The woman who participated in the research allowed brain scans to be taken before, during, and after gestation.
As her due date approached, researchers noticed parts of her brain were shrinking in volume.
The metamorphosis was unlike anything scientists had ever seen.
That prompted the launch of the Maternal Brain Project (MBP): a research initiative to better understand how the brain changes during motherhood – a topic that experts have severely neglected.
Since 1990, only 0.5 percent of brain scan studies have looked at women's health, according to neuroscientist Emily Jacobs, who leads MBP at the University of California, Santa Barbara (UCSB).
Jacobs and her team are now taking the project global, with the project currently being expanded to include more institutes in the US and one in Spain.
Brain scans from several more mothers since 2024 have found the same widespread volume losses.
What's more, there seem to be changes in the brain's vascular system during pregnancy, including modifications in how cerebrospinal fluid flows.
"Nearly every region in the brain is changing significantly across pregnancy," Jacobs told ScienceAlert.
"We know that the cardiovascular system undergoes profound changes across pregnancy to accommodate the growing fetus, and from this data we are observing that the cerebrovascular system undergoes striking adaptations to pregnancy as well."
In the 2024 study, widespread cortical gray matter volume change occurred in step with advancing gestational week.

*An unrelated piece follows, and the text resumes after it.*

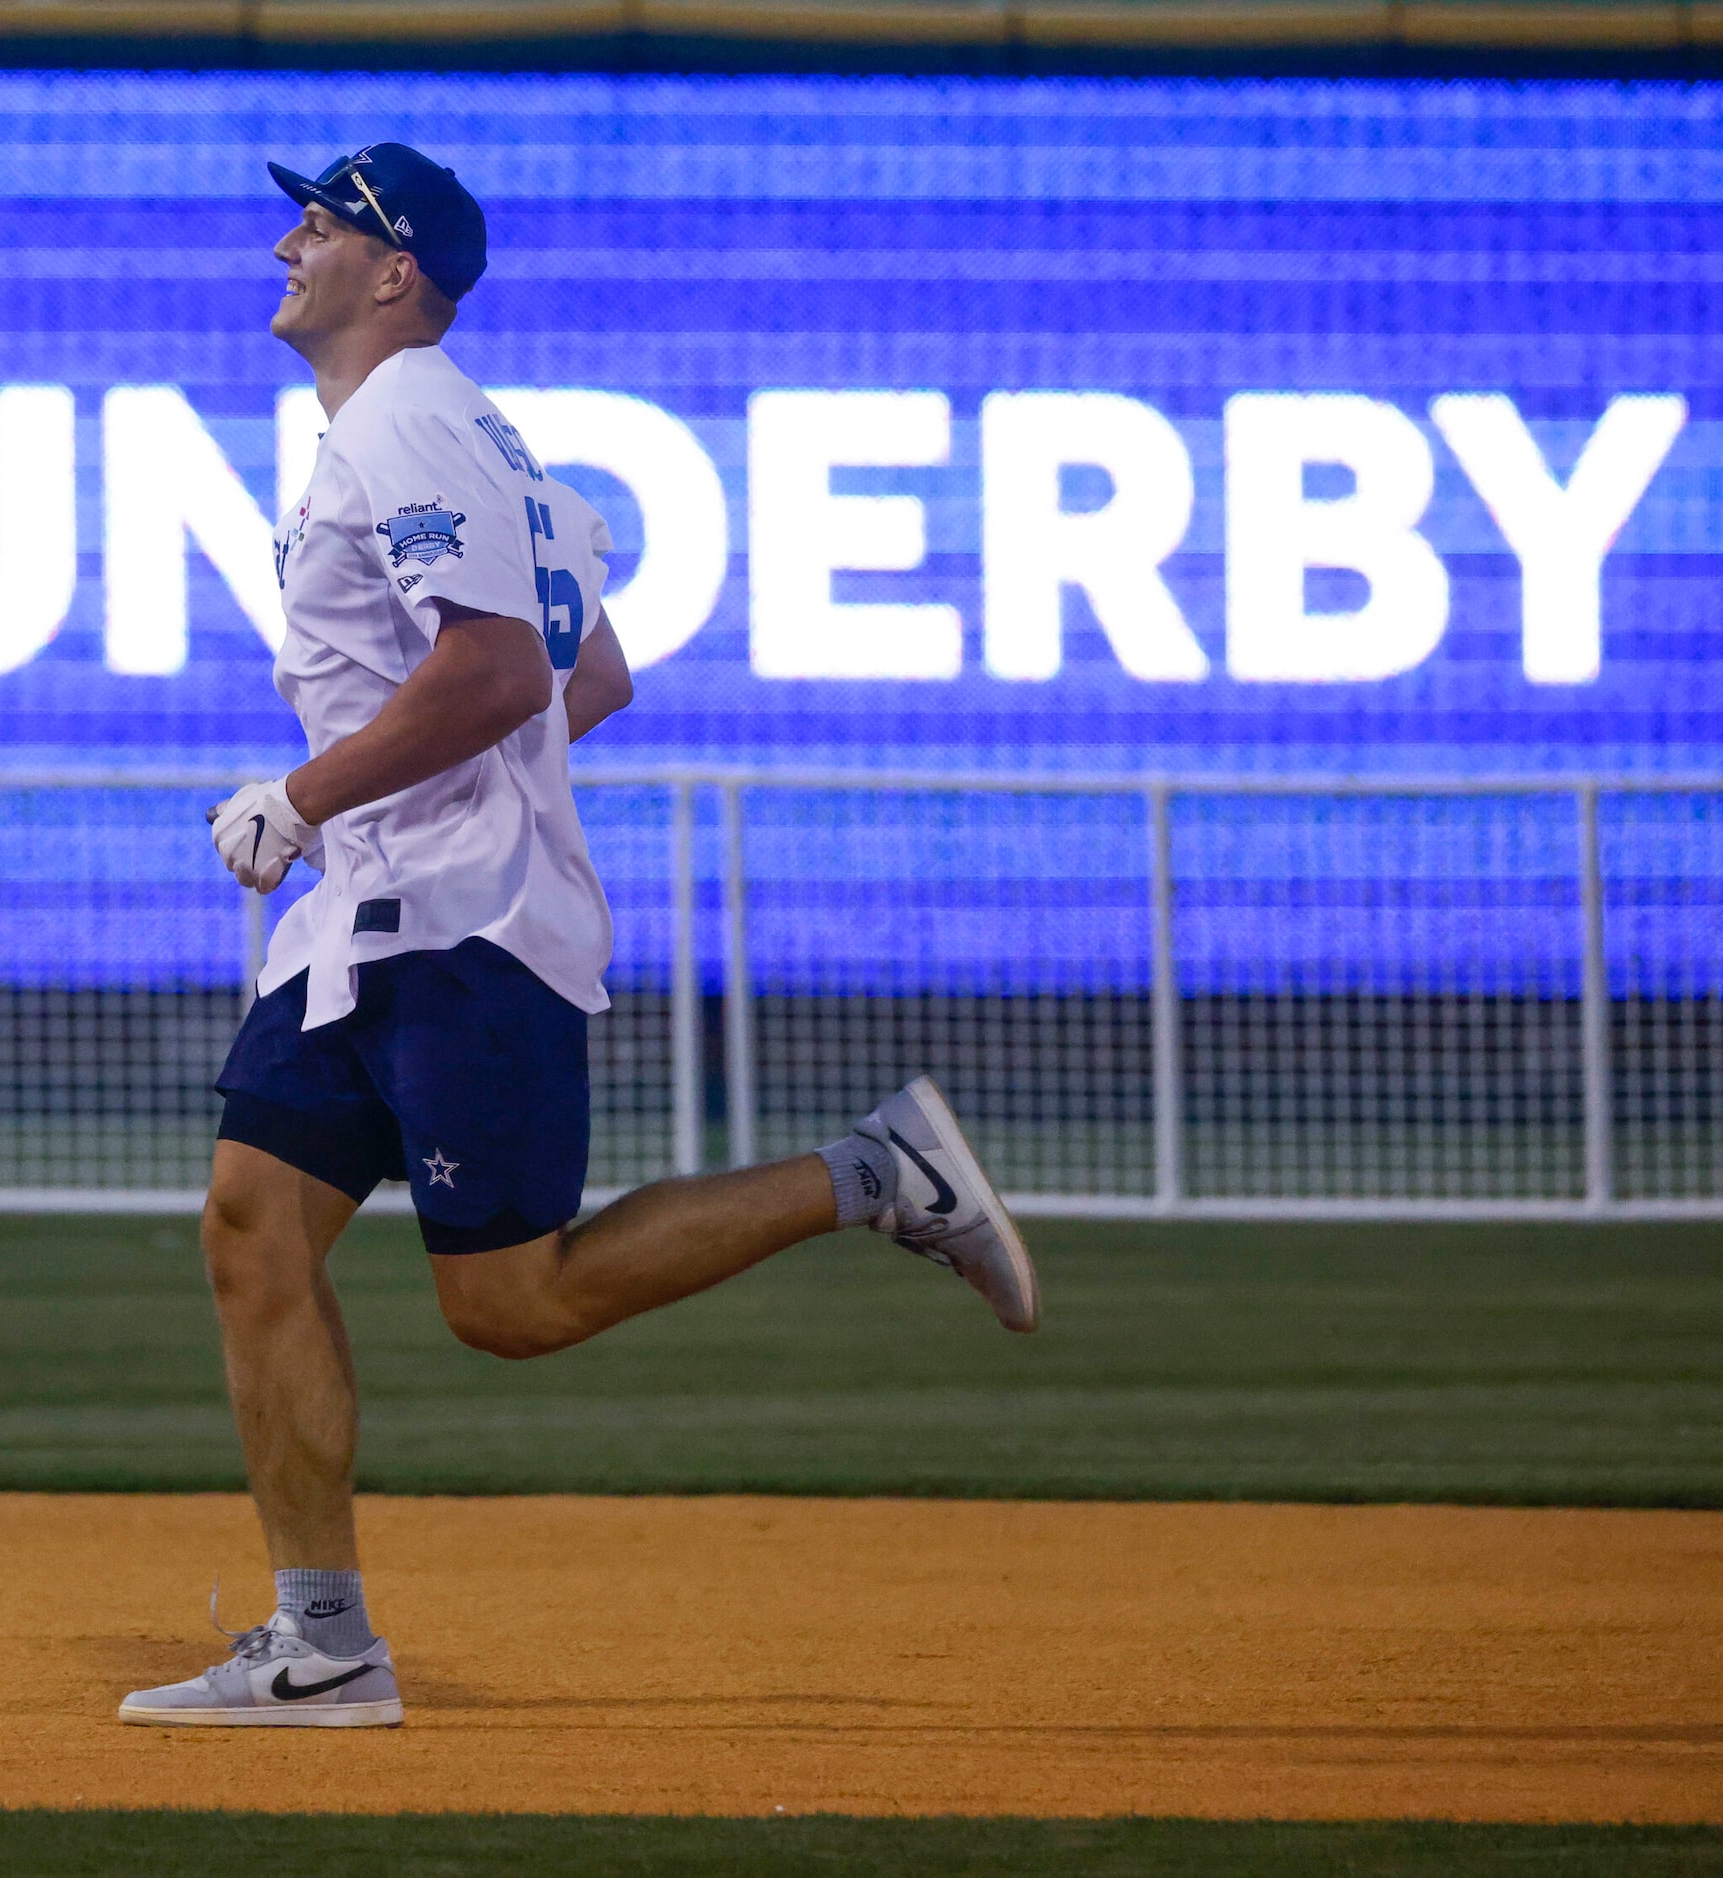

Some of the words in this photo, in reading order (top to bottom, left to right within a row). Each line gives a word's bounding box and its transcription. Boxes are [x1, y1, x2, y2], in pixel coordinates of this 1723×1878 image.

Darker colors indicate regions most affected by the pregnancy transition. (Laura Pritschet)The results are not yet published in a peer-reviewed journal, but of all 400 brain regions Jacobs and her colleagues have examined, she says 97 percent showed alterations across gestation and after birth.

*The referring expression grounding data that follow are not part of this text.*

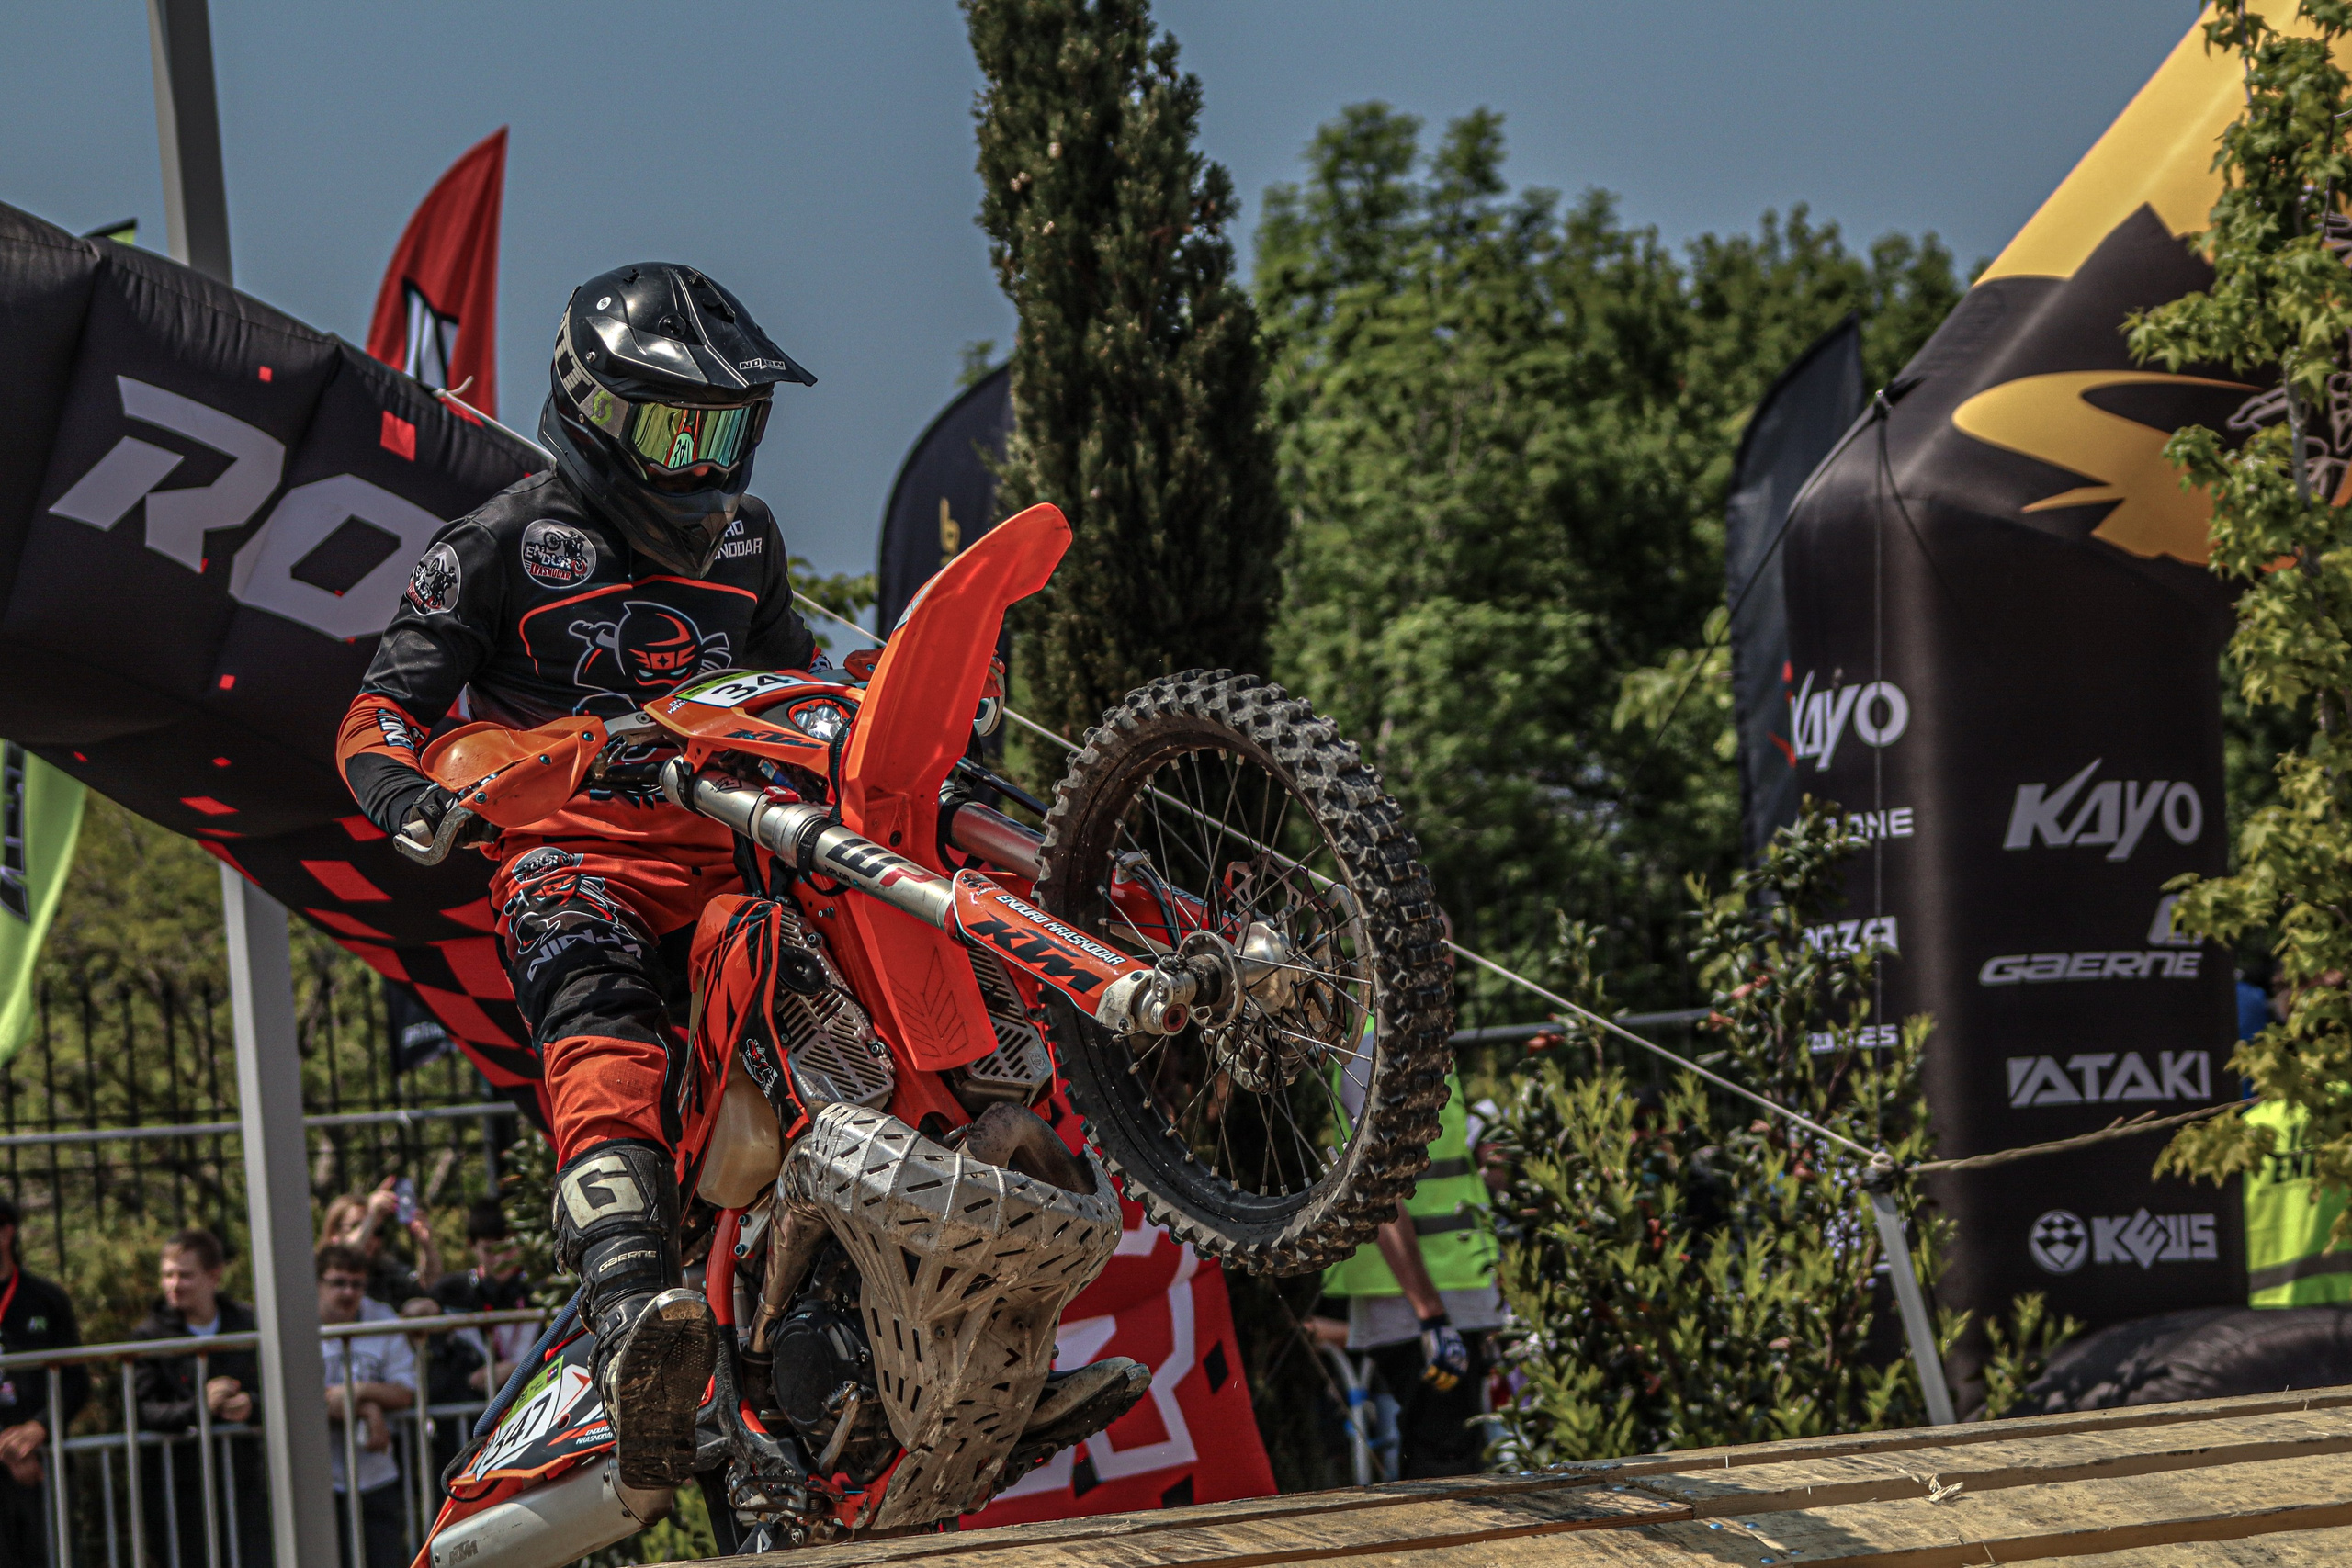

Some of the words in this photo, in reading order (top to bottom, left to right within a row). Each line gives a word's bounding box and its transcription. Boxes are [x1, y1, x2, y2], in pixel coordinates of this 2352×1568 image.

[740, 358, 786, 370] NOLAN
[723, 727, 825, 750] KTM
[2003, 757, 2204, 863] KAYO
[995, 894, 1054, 926] ENDURO
[1043, 919, 1127, 967] KRASNODAR
[967, 910, 1104, 994] KTM
[1978, 951, 2203, 987] GAERNE
[598, 1250, 657, 1274] GAERNE

A loss of total brain volume may sound like it would have negative effects, but in all likelihood, these sweeping changes reflect how the brain reshapes itself to become more efficient for motherhood.
After all, this highly malleable organ can only use a finite amount of tissue to deal with major life events, like puberty, pregnancy, or menopause.

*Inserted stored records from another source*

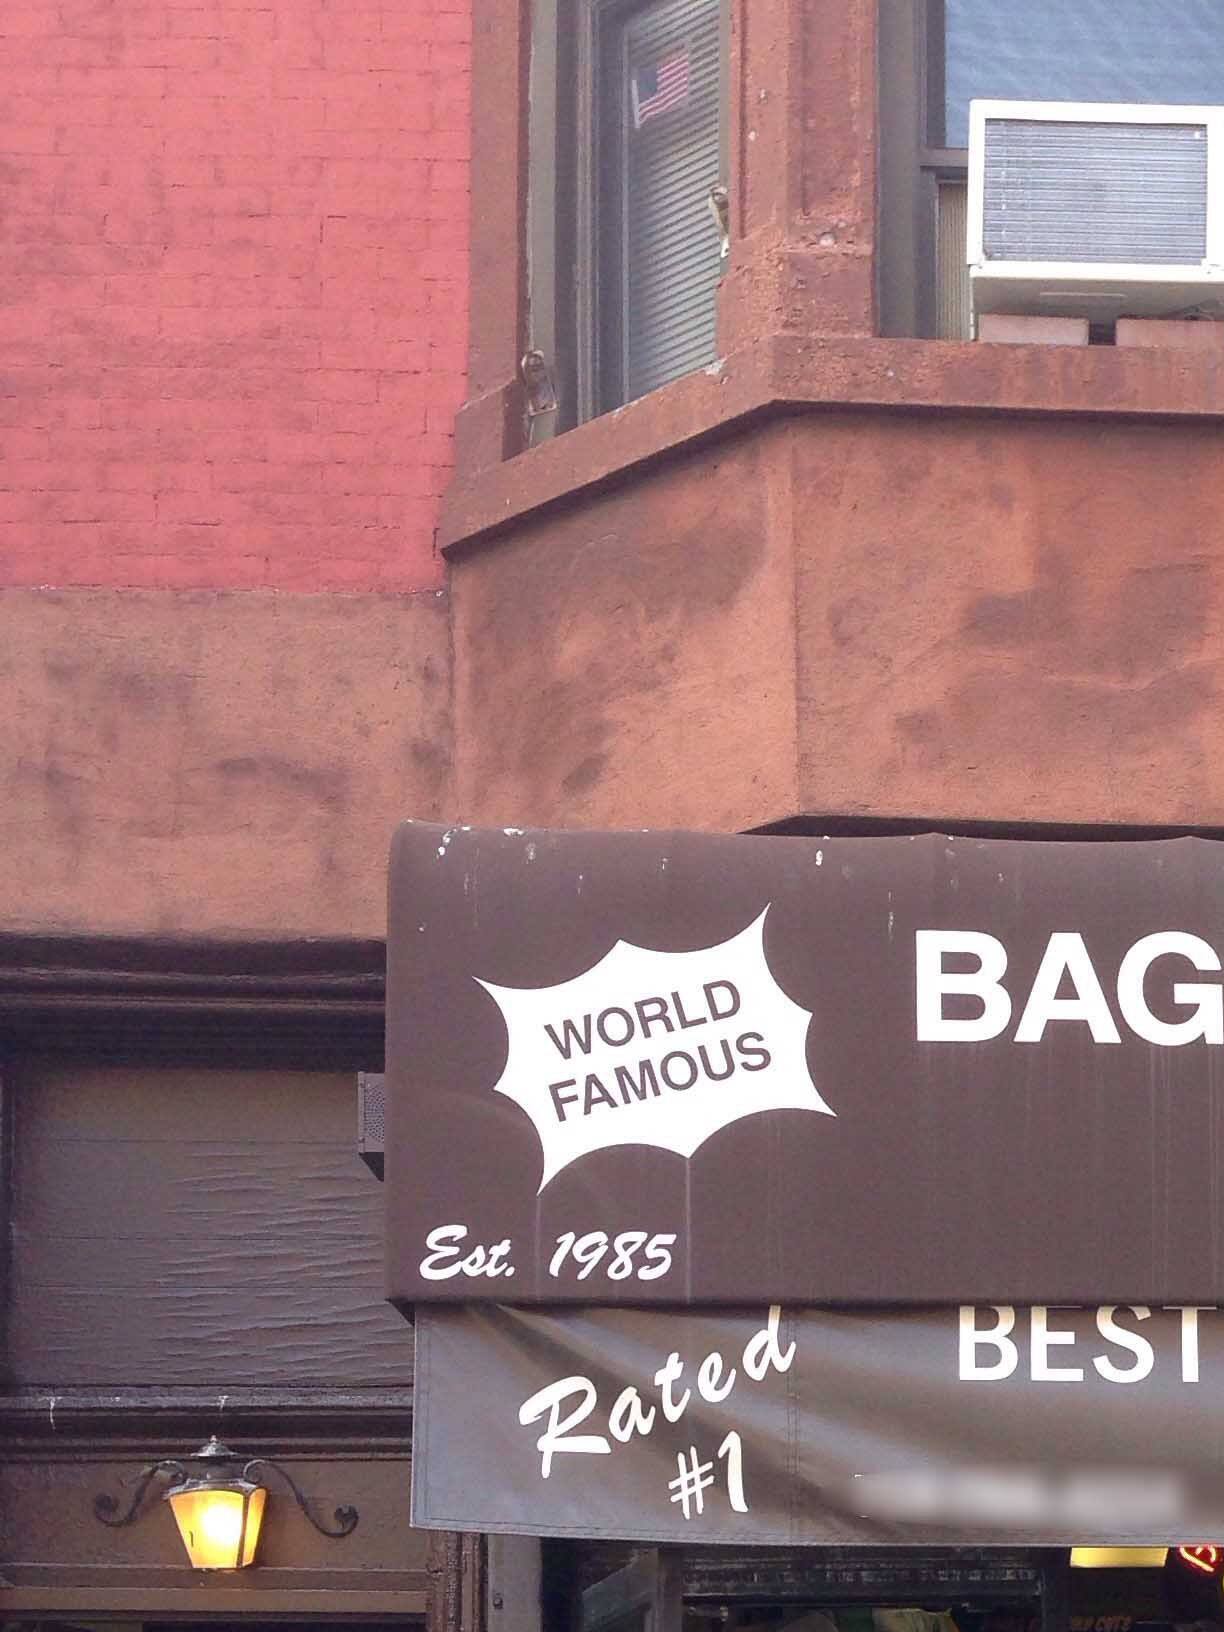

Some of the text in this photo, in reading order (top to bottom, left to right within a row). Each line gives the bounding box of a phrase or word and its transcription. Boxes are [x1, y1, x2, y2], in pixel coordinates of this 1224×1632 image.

[544, 979, 742, 1060] WORLD
[549, 1032, 771, 1122] FAMOUS
[419, 1224, 677, 1281] Est. 1985
[956, 1306, 1217, 1384] BEST
[518, 1306, 797, 1479] Rated
[668, 1430, 749, 1521] #1

"This project, and others like it, are updating the way we think and talk about matrescence," Jacobs said, "dispelling outdated notions of 'mommy brain' as being dysfunctional or inadequate, and instead portraying the maternal brain as one capable of continual brain adaptation and neural plasticity."
Some evidence suggests that the human brain features five eras throughout life, regardless of sex. (Gates Cambridge)PhD student Hannah Grotzinger has led the Maternal Brain Project's ongoing data collection effort.
The study now includes 20 participants in the US, including first-time mothers, second-time mothers, and two comparison groups: fathers and non-pregnant women.
These participants were tracked on a regular basis over an 18-month-long period, using MRI scans, blood draws, and questionnaires on mood, sleep, and health.
So far, the team has conducted more than 150 scans, and among first-time mothers, Jacobs, Grotzinger, and colleagues are seeing highly similar structural changes.
Major white matter tracts demonstrated increasing microstructural integrity over pregnancy. (Daniela Cossio)The total volume of their brains seems to decrease linearly during pregnancy, before showing some signs of returning after the child is born.
"We are seeing broadly consistent patterns of structural remodeling throughout the brain," explained Jones.
"Total brain volume, gray matter volume, and cortical thickness decrease significantly across pregnancy, and partially rebound in the postpartum period, with cerebrospinal fluid following the opposite pattern."
What's more, these changes are occurring in the same brain areas as the very first participant. These include the superior temporal lobes, the midline, the prefrontal cortex, and subcortical regions.
The next step is to build a larger and more diverse cohort of mothers to see if individual factors, like fertility treatments, pregnancy complications, or breastfeeding, may influence how the brain rewires itself during pregnancy and in the postpartum period.
The goal is to establish the most comprehensive, open-access maternal brain database in the world.
That way, researchers can start answering questions like: How does remodeling of the maternal brain impact cognition? Can we detect early biological signs of postpartum depression?
And what lasting effects do pregnancy conditions like preeclampsia or gestational diabetes have on brain health?
Related: Your Brain Goes Through 5 Distinct Epochs, Massive Study Finds
Neuroscientists at USCB will help lead the research, along with scientists at the University of Pennsylvania and a research institute in Spain called IISGM.
In 2023, Jones wrote a perspective article for Nature highlighting major sex disparities in brain health research.
"Representation is not the problem: about 50 percent of people enrolled in neuroimaging studies listed on OpenNeuro.org are women," she wrote.
"Researchers are simply not choosing to study (and funders to invest in the study of) health factors specific to women."
The Global Maternal Brain Project is on a mission to change that.